У Ирины же давно нет родителей, и более сорока лет она самая замечательная мамочка, жена, настоящая подруга для многих нас. Вот с кого можно брать пример, и я этим пользуюсь. Особенно когда трудно, просто мысленно подумаю, а как бы поступила Ирина в этом случае, и ответ приходит сам. Она справилась бы, она сильная, стойкая. Значит, постараюсь и я. Не буду писать, с какими семейными трудностями, горем ей пришлось столкнуться. Но их сплоченная семья не сдалась, выстояла. Скольким людям они помогали… Что говорить, если брошенную собаку, раздавленную, скорее всего нечаянно, каким-то водителем, Ирина хватала с дороги, тащила домой и лечила, лечила… Везла в ветлечебницу, делала операцию за свой счёт. Конечно, много денег уходило, если учесть, что живёт Ирина совсем не богато, а когда пёс выздоравливал, если Ира не могла отыскать хозяина, то пса оставляла у себя.

— А живи, куца тебя бедолагу? Что на двух собак варить, что на трёх — не объест, — говорила Ирина и оставляла очередного приблудного у себя на проживание. Ни муж, ни сын не возмущались. Понимали её благородную богатую душу, её добрейшее сердце.

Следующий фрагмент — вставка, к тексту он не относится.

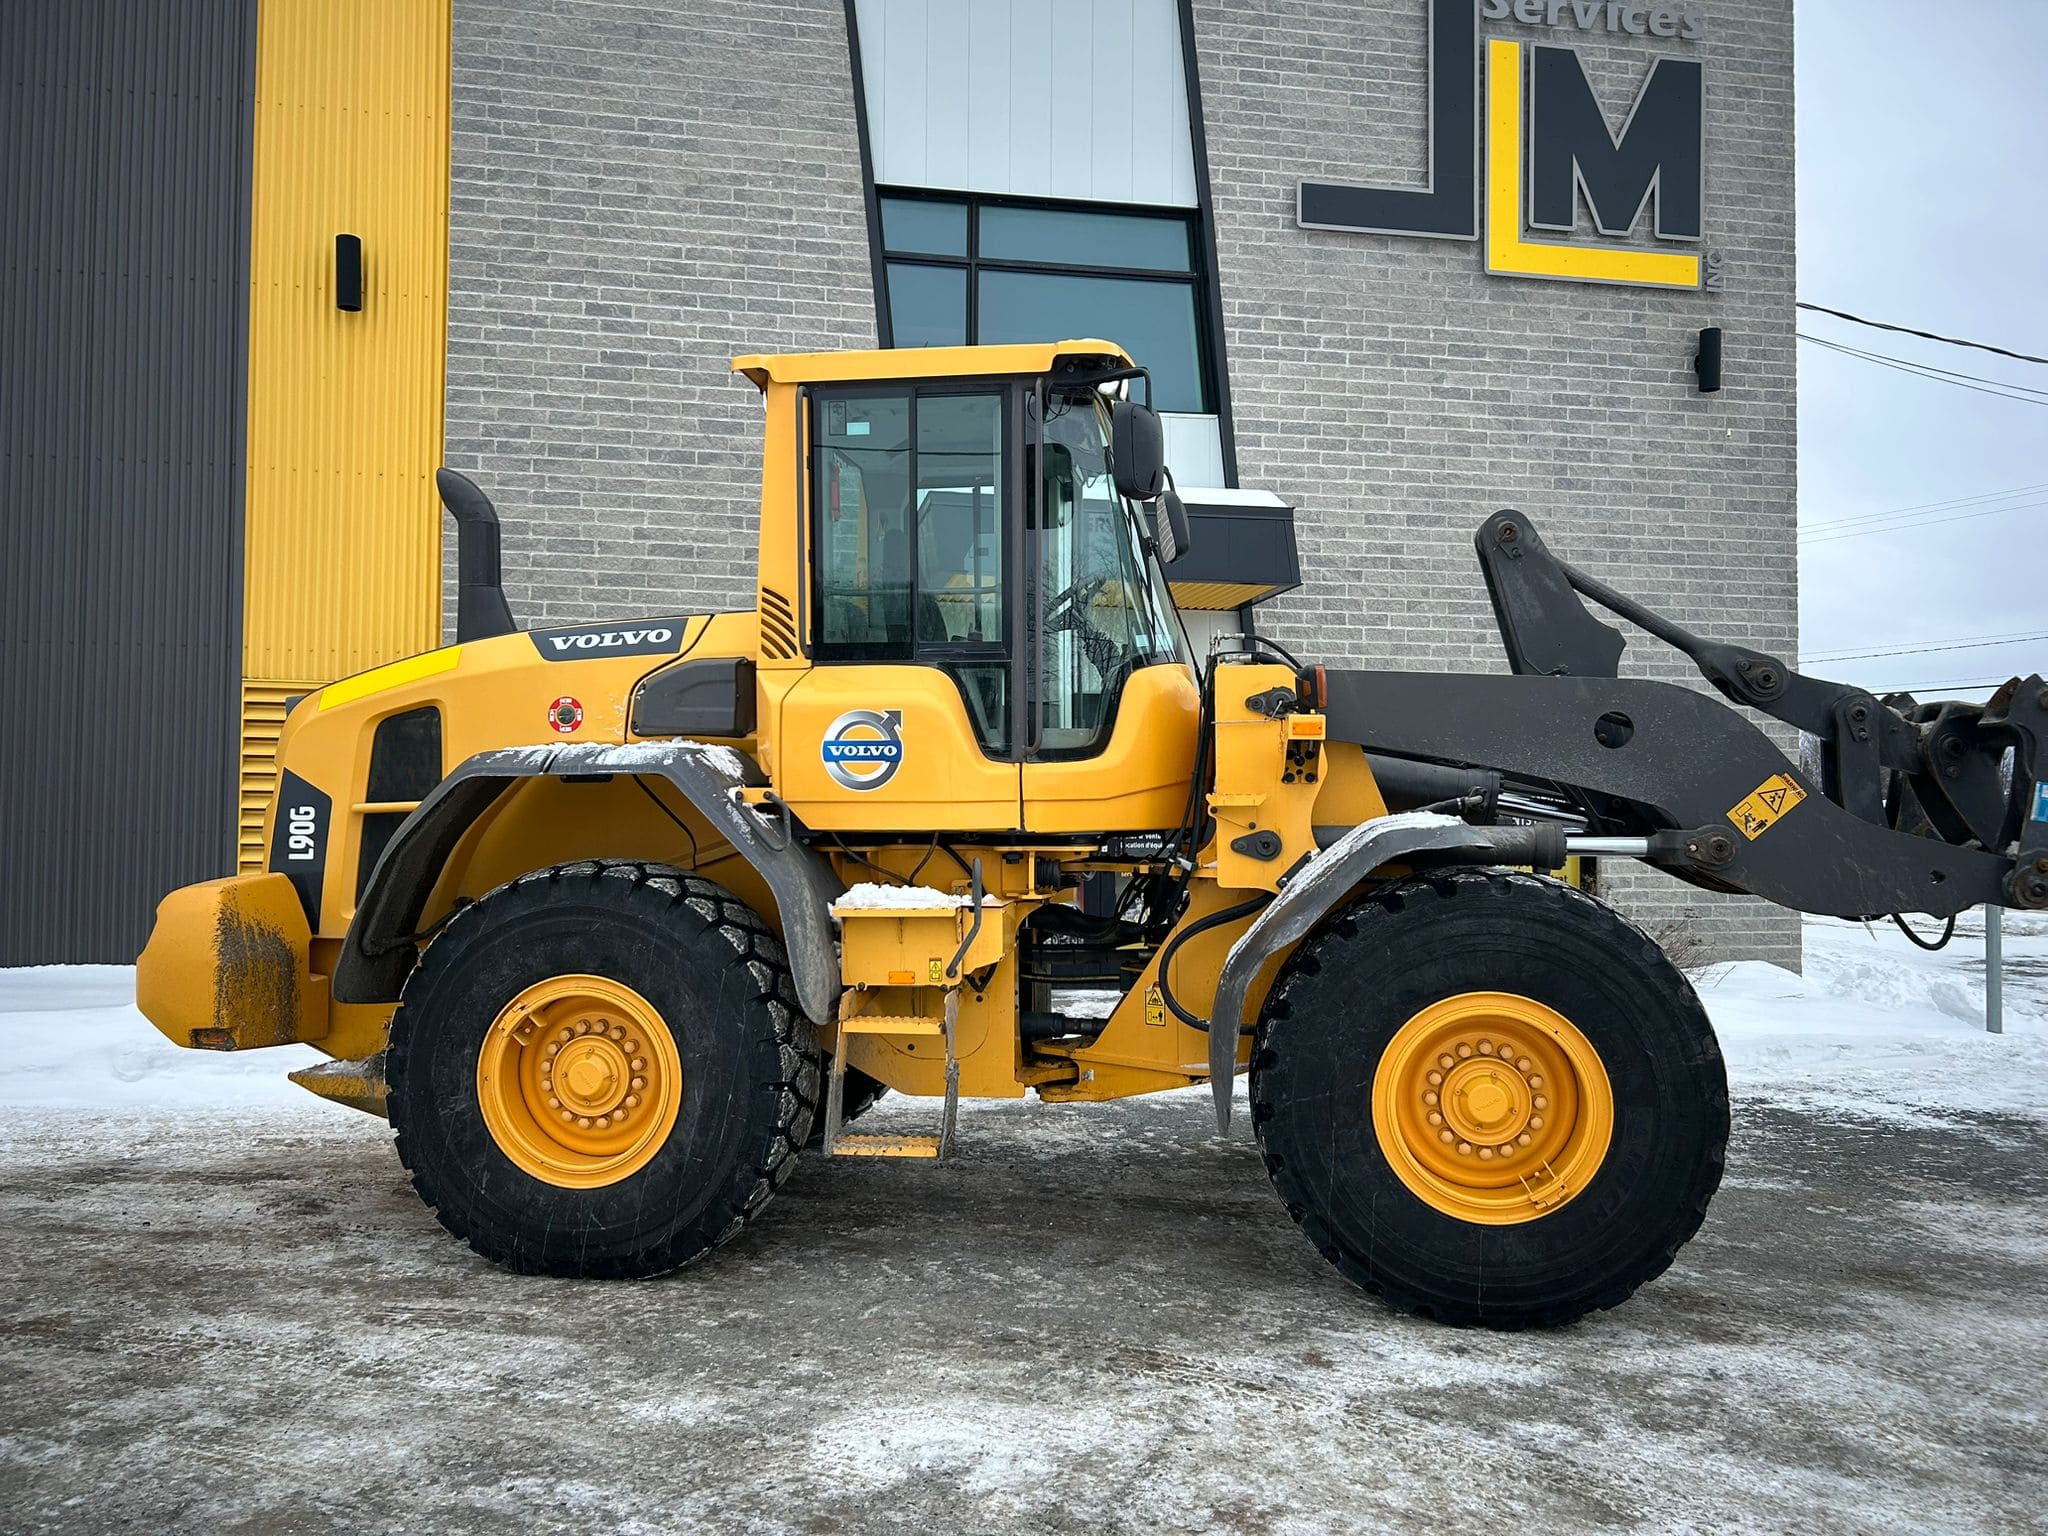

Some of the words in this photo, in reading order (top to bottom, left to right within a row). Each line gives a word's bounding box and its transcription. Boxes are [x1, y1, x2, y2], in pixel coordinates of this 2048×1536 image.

[549, 628, 672, 651] VOLVO
[826, 745, 898, 757] VOLVO
[288, 806, 316, 860] L90G

— Валь, — как-то звонит она мне, — приюти птенчика, совсем кроха, с гнезда упал, ведь не выживет, я бы его взяла к себе, но у меня две кошки, три собаки, да и сама знаешь…

— Конечно, возьму.

А сама думаю: «Что же я с ним делать буду?» Хорошо, клетка от попугая осталась, жил когда-то у меня один говорун, улетел. Не вернулся.

Взяла я этого птенчика, быстро на поправку пошёл, летать стал вольно по квартире. Но у соседей были маленькие девочки, вот младшенькая его, любя, так сильно прижала, что через часок-другой помер мой пернатый. Переживала, что же я Ирине скажу, похоронила его в нашей роще, даже всплакнула, что не уберегла, маленькая душа жить хотела, но так вышло. Ире всё объяснила — поняла меня. И ей жалко было.

Так вот, звонит мне на сей раз и спрашивает:

— Валь, мы всей семьёй на мичуринский едем, ты бы не смогла за собаками присмотреть, их только покормить, и всё. Я еду принесу для них.

— Да что ты, Ирочка, не надо никакой еды, я сама покормлю.

Собаки, конечно, не её, блудные, кем-то брошенные. Как люди так могут поступать? Но эти все её, она так их и называет — мои собаки. И правда, они её как самую родненькую встречают, прыгают, ластятся, оближут всю. Для всех она настоящий друг, мамка, одним словом. Рассказала, где они находятся: здесь, недалеко, за магазином «Лента», сказала, сколько их там. Прикинула я и стала есть варить. Жалко же, я знаю, Ирина им косточки покупает, говорит, они тоже должны витамины употреблять, не только одну кашу есть. И я косточки купила, каши наварила, огромная кастрюля получилась, собрала всё в ведро и пошла вдоль по роще к «Ленте». Ведро с каждым метром всё тяжелее кажется. А как же Ира? Мне только два дня покормить, ну, может, три, если они задержатся, а ведь она каждый день, несмотря на погоду — и в дождь, и в слякоть. А зимой в любой мороз бежит Ирина с ведром к своим четвероногим. Никто её не заставляет, никто не просит. Сама душа рвётся — как же они там? Переживает за них всегда.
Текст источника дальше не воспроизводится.